━━ Data for review

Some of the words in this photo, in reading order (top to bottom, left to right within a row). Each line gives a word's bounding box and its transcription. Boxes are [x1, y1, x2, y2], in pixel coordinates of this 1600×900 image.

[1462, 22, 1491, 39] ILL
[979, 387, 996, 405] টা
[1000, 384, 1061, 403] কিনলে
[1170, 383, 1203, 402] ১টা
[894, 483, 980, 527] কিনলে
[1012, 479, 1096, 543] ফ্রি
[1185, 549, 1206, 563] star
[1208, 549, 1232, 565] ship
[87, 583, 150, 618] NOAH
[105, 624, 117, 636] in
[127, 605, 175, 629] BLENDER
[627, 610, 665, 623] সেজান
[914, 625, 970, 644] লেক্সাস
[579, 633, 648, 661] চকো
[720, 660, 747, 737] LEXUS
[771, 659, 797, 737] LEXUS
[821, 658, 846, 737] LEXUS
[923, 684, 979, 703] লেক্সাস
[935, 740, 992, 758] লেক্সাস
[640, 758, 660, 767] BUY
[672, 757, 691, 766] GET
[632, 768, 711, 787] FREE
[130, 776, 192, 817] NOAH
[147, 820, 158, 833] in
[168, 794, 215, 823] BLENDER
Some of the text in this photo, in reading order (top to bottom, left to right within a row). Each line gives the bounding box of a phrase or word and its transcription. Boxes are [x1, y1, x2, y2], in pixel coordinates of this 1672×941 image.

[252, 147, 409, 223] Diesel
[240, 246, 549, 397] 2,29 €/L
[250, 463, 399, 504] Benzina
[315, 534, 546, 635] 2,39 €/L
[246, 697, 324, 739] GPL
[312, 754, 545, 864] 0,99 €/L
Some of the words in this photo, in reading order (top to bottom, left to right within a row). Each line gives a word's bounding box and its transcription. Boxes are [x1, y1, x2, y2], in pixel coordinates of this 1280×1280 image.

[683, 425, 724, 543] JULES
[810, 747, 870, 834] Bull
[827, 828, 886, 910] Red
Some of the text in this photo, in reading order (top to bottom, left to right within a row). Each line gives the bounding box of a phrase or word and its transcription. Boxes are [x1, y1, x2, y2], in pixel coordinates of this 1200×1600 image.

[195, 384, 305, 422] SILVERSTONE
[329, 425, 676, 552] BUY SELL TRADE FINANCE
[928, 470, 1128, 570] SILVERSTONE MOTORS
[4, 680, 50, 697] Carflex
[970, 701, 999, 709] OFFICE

━━━━

**Task to carry out**
All lines from the line holding "this 1280×1280 image." through the end of the records above need to be transcribed exactly, and no other text should appear.

**Task answer**
Some of the words in this photo, in reading order (top to bottom, left to right within a row). Each line gives a word's bounding box and its transcription. Boxes are [x1, y1, x2, y2], in pixel coordinates of this 1280×1280 image.

[683, 425, 724, 543] JULES
[810, 747, 870, 834] Bull
[827, 828, 886, 910] Red
Some of the text in this photo, in reading order (top to bottom, left to right within a row). Each line gives the bounding box of a phrase or word and its transcription. Boxes are [x1, y1, x2, y2], in pixel coordinates of this 1200×1600 image.

[195, 384, 305, 422] SILVERSTONE
[329, 425, 676, 552] BUY SELL TRADE FINANCE
[928, 470, 1128, 570] SILVERSTONE MOTORS
[4, 680, 50, 697] Carflex
[970, 701, 999, 709] OFFICE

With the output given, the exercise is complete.